Chittaranjan Das (5 November 1870 – 16 June 1925), popularly called Deshbandhu (Friend of the Nation), was an Indian freedom fighter, political activist and lawyer during the Indian Independence Movement and founder-leader of the Swaraj Party in undivided Bengal during the period of British Colonial rule in India. His name is abbreviated as C. R. Das. He was closely associated with a number of literary societies and wrote poems, apart from numerous articles and essays.

Early life

Chittaranjan Das was born in Bikrampur in a well known Baidya"Das"family in the village named "Telirbagh" which is situated in present-day Tongibari upozila of Munshiganj (Bikrampur) district of Bangladesh on 5 November 1870


Das family were members of Brahmo Samaj. Chittaranjan was the son of Bhuban Mohan Das, and nephew of the Brahmo social reformer Durga Mohan Das. His father was a solicitor and a journalist who edited the English church weekly, The Brahmo Public Opinion. Some of his cousins were Atul Prasad Sen, Satya Ranjan Das, Satish Ranjan Das, Sudhi Ranjan Das, Sarala Roy and Lady Abala Bose. His eldest grandson was Siddhartha Shankar Ray and his grand daughter is Justice Manjula Bose.

He married Basanti Devi (1880–1974) and had three children, Aparna Devi (1898–1972), Chiraranjan Das (1899–1928) and Kalyani Devi (1902–1983).

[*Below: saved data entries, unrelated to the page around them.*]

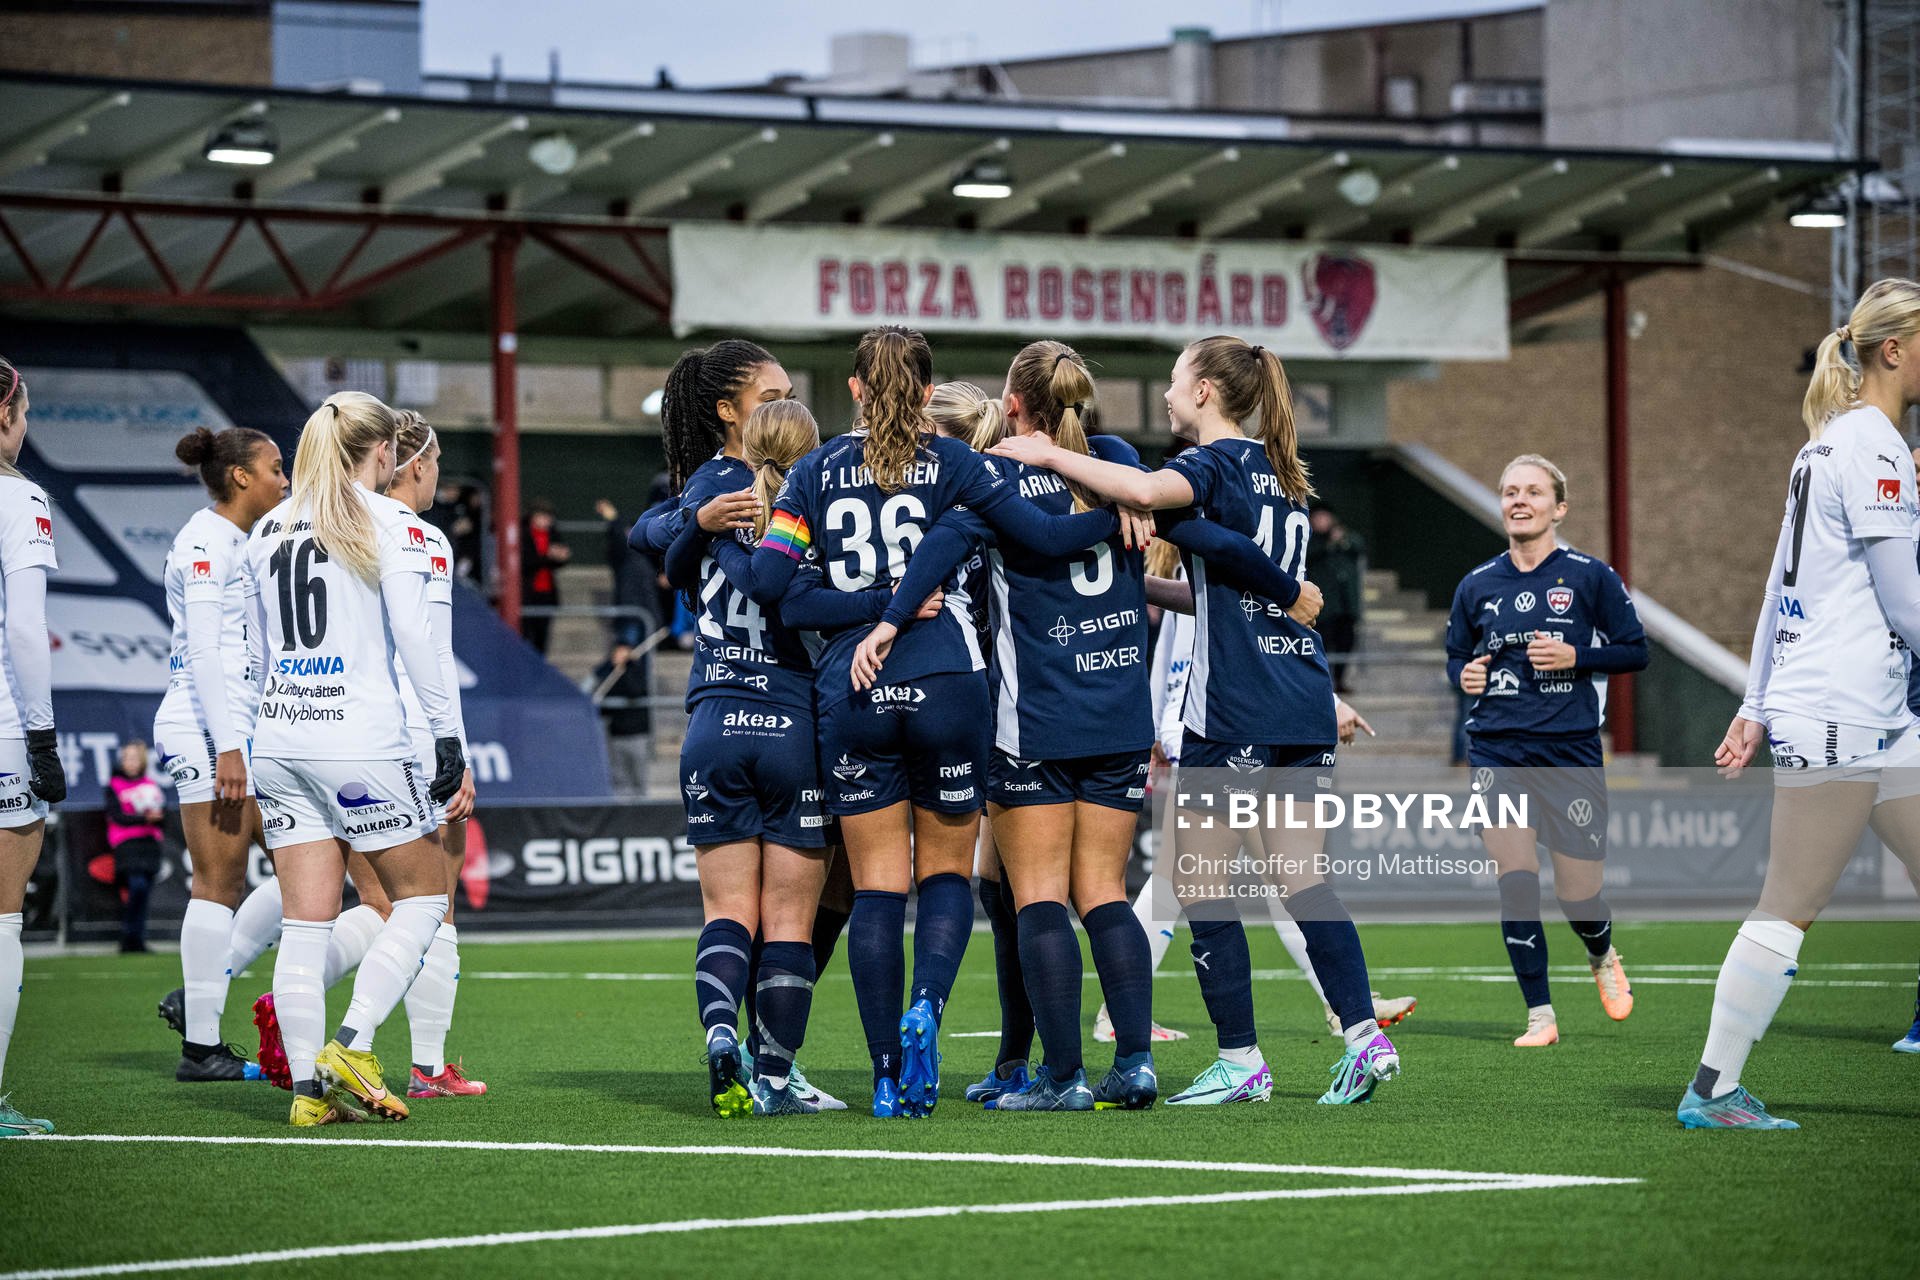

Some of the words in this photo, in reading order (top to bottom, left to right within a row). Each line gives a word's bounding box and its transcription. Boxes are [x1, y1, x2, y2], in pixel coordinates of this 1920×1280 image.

[818, 258, 979, 319] FORZA
[1004, 252, 1288, 327] ROSENGÅRD
[822, 470, 834, 491] P.
[840, 463, 940, 489] LUNREN
[1019, 473, 1067, 498] ARNA
[825, 494, 928, 593] 36
[270, 537, 329, 652] 16
[698, 556, 767, 651] 24
[1080, 608, 1139, 635] SIGM
[1533, 670, 1578, 681] MELLBY
[1540, 682, 1573, 694] GÅRD
[280, 703, 345, 726] Nybloms
[723, 710, 778, 729] akea
[940, 762, 972, 778] RWE
[1004, 781, 1043, 792] Scandic
[801, 789, 825, 802] RW
[839, 789, 876, 802] Scandic
[942, 791, 964, 800] MKB
[346, 804, 381, 818] INCITA
[383, 803, 396, 812] AB
[688, 812, 715, 824] andic
[803, 817, 822, 826] MKB

Middle Temple by Thomas Shepherd c.1830
Middle Temple – A sketch by Thomas Shepherd; c.1830

The Das family of Durga Mohan was a family of lawyers. Durga Mohan's eldest son Satya Ranjan matriculated at Emmanuel College, Cambridge and was at Middle Temple during 1883–1886, followed by Chitta Ranjan Das, Durga Mohan's brother's son, during 1890–1894. Satish Ranjan Das (1891–1894), Jyotish Ranjan Das and Atul Prasad Sen (1892–1895) followed suit.

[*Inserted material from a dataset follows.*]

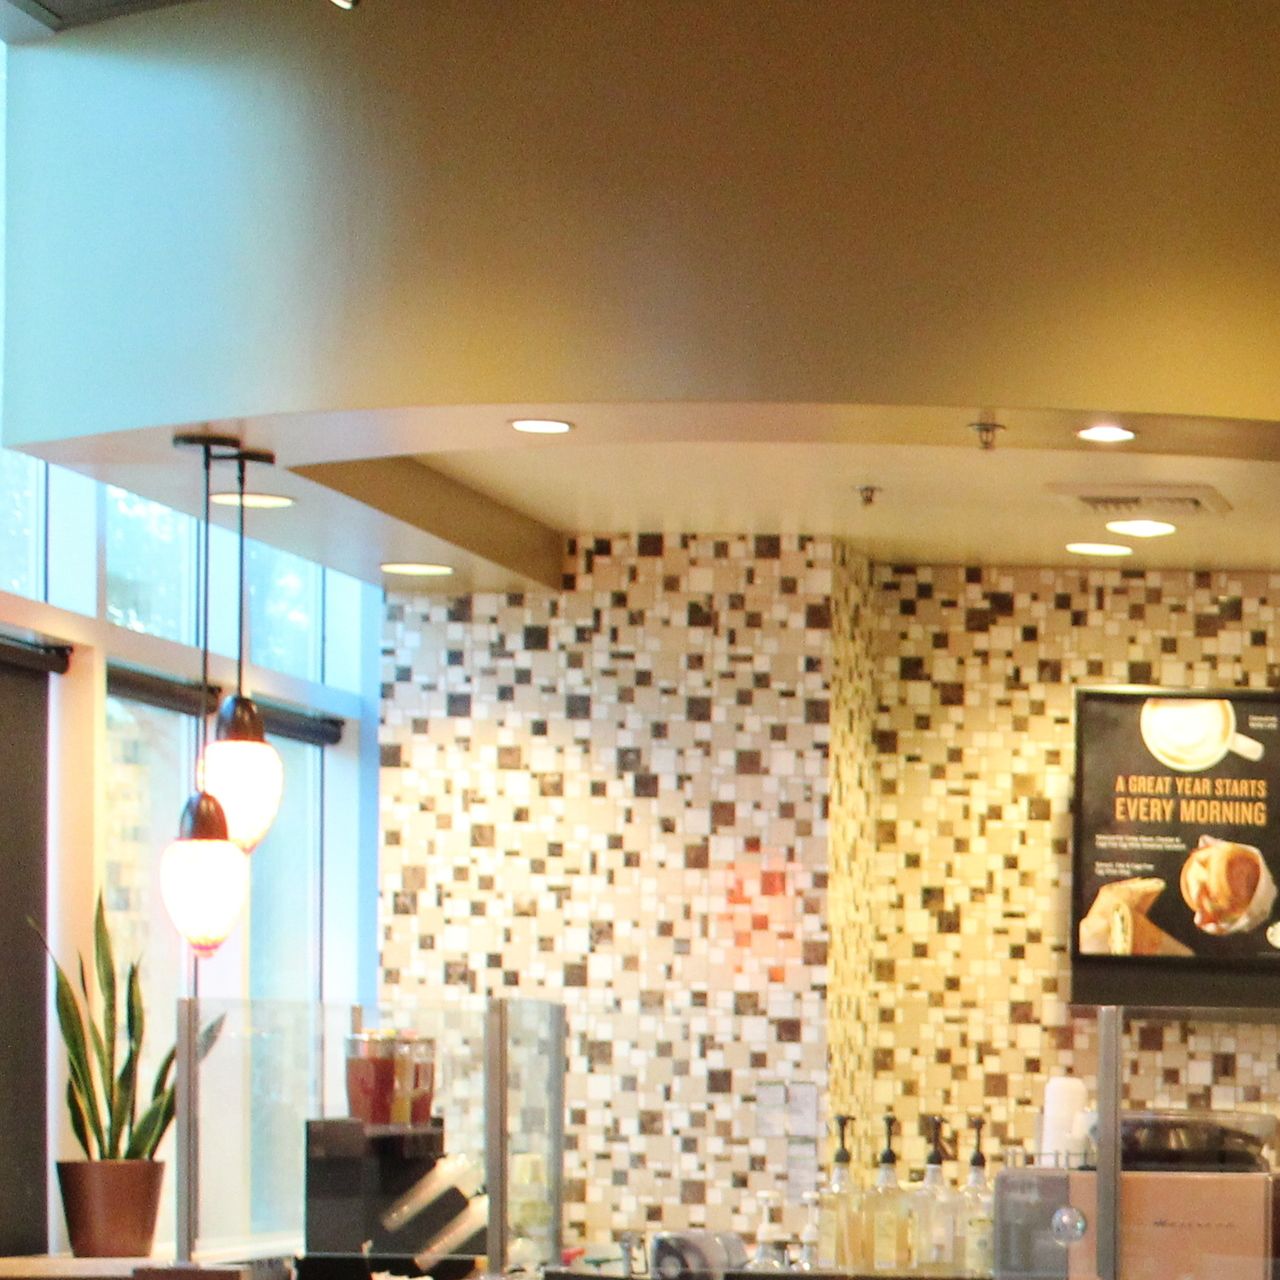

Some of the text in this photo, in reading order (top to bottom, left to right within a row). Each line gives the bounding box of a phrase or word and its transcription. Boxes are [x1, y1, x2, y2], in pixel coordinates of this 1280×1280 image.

[1115, 775, 1266, 798] A GREAT YEAR STARTS
[1115, 797, 1266, 826] EVERY MORNING

In London Das befriended with Sri Aurobindo Ghosh, Atul Prasad Sen and Sarojini Naidu among others, and together they promoted Dadabhai Naoroji in the British Parliament.


Law career

Barrister Chittaranjan Das in 1909
Barrister Chittaranjan Das in 1909 while defending Sri Aurobindo in Alipore bomb case
Alipore Bomb Case 1908-09 Trial Room - Alipore Sessions Court - Calcutta 1997 1
Alipore Bomb Case 1908–09 Trial Room at Alipore Sessions Court, Kolkata

In 1894 Das gave up his law practice, and went into politics during the non-cooperation movement against the British colonial government. He again took up the brief, and successfully defended Aurobindo Ghosh on charges of involvement in the Alipore bomb case, in 1909. In his Uttarpara speech, Sri Aurobindo acknowledged that Das broke his health to save him.

Political career

Chittaranjan Das was actively involved in the activities of Anushilan Samiti. When Pramatha Mitter organised the Samiti as its president to produce hundreds of young firebrands who were ready to sacrifice their lives for the cause of the Nation, Chittaranjan became his associate. Anushilan Samiti was maintained by P. Mitter with the assistance of Chittaranjan Das (1894), Haridas Bose (1895), Suren Haldar (1900) and Manabendra Nath Roy (1901).

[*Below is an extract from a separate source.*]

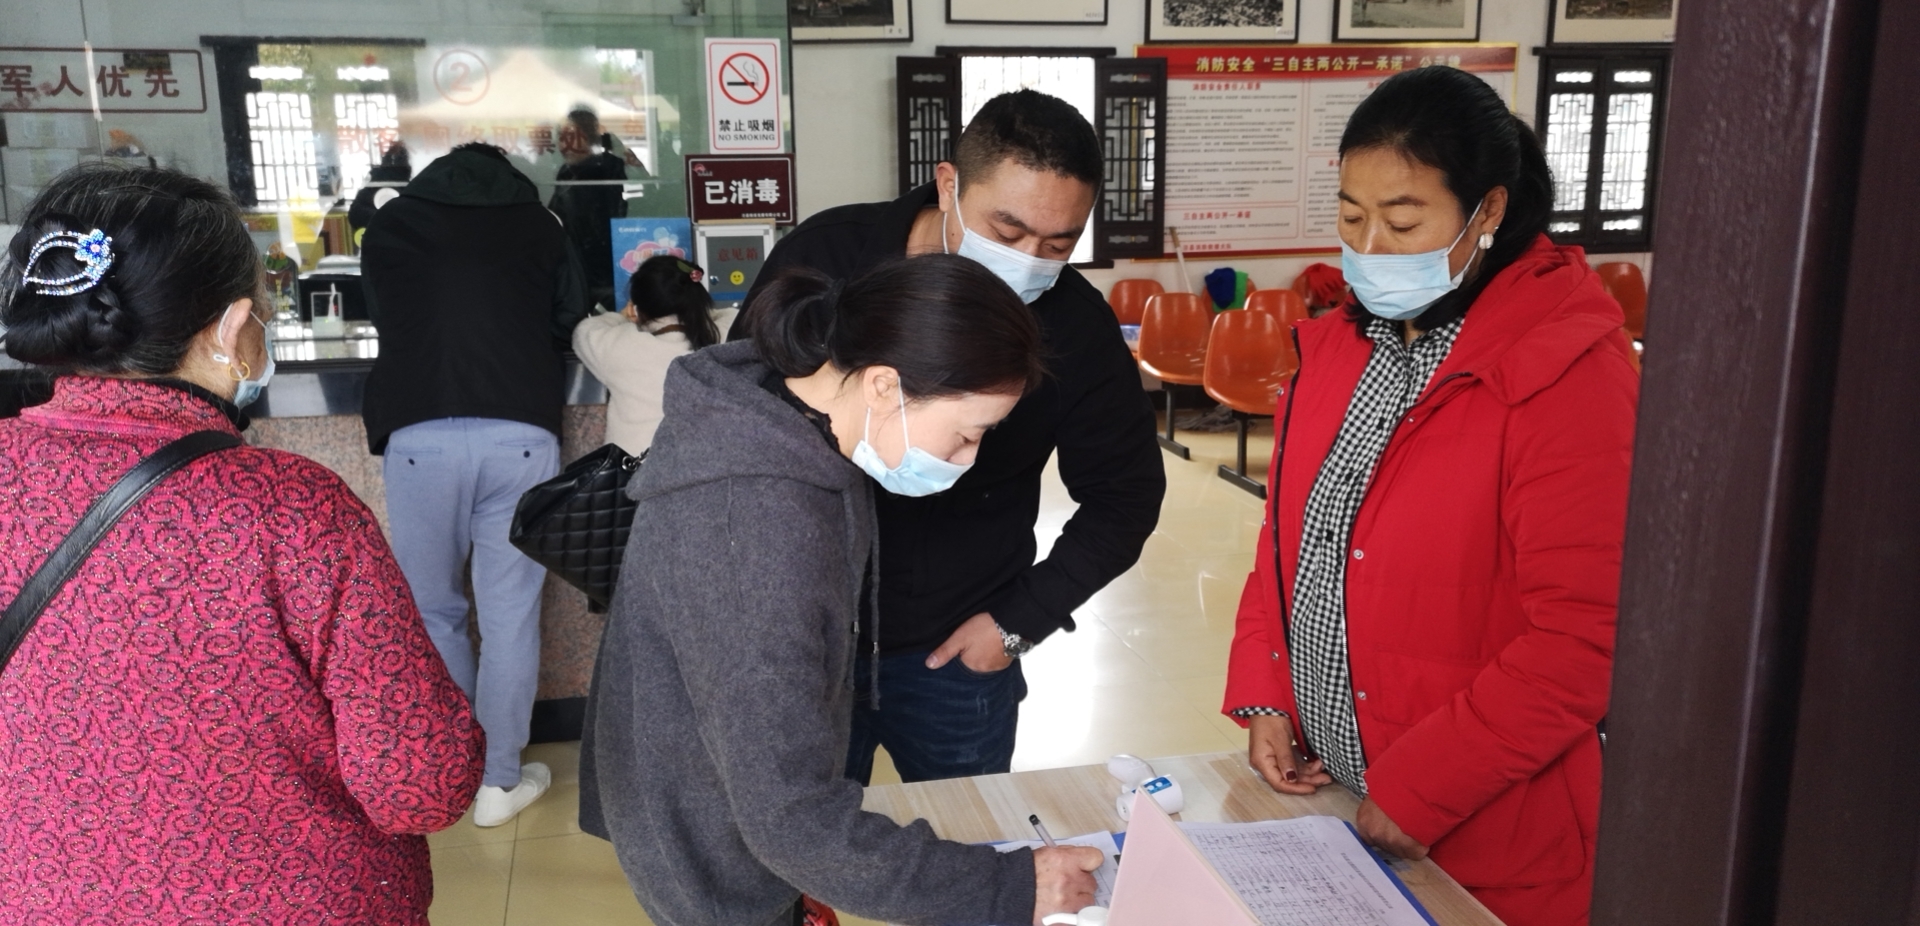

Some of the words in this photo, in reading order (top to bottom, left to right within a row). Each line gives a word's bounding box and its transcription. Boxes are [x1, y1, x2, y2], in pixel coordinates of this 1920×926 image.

[0, 64, 180, 99] 军人优先
[718, 119, 775, 132] 禁止吸烟
[733, 133, 775, 141] SMOKING
[704, 177, 780, 205] 已消毒

He was a leading figure in Bengal during the Non-Cooperation Movement of 1919–1922, and initiated the ban on British-made clothes, setting an example by burning his own European clothes and wearing Khadi clothes. At one time, his clothes were tailored and washed in Paris and he maintained a permanent laundry in Paris to ship his clothes to Calcutta. He sacrificed all this luxury when he became attached to the Freedom Movement. He brought out a newspaper called Forward and later changed its name to Liberty as part of his support for various anti-British movements in India. When the Calcutta Municipal Corporation was formed, he became its first mayor.

He was a believer in non-violence and constitutional methods for the realisation of national independence, and advocated Hindu-Muslim unity, cooperation and communal harmony and championed the cause of national education. He resigned his presidency of the Indian National Congress at the Gaya session after losing a motion on "No Council Entry" to Gandhi's faction. He then founded the Congress-Khilafat Swaraj Party, with Narasimha Chintaman Kelkar and veteran Motilal Nehru. Other prominent leaders included Huseyn Shaheed Suhrawardy and Subhas Chandra Bose of Bengal, Vithalbhai Patel and other Congress leaders who were becoming dissatisfied with the Congress. In May 1923, at AICC meet in Bombay, Das was able to get majority support for his policy of council entry, with 96 members voting in favour, and 71 against.


Chittaranjan Das emerged as a distinguished Bengali poet, when, during the troubled days of National movement, he published the first two volumes of his collection of poems titled "Malancha" and "Mala". In 1913 he published "Sagar Sangeet" (The Songs of the Sea). Sri Aurobindo was in Pondichery and when he was in dire need of financial support. Chittaranjan offered him one thousand rupees as a token of his support for an English translation of the poem, a few verses of which are given below:

                     Songs of the Sea
       O thou unhoped-for elusive wonder of the skies,
     Stand still one moment! I will lead thee and bind
           With music to the chambers of my mind.
       Behold how calm today this sea before me lies
     And quivering with what tremulous heart of dreams
       In the pale glimmer of the faint moonbeams.
    If thou at last art come indeed, O mystery, stay
     Woven by song into my heart-beats from this day.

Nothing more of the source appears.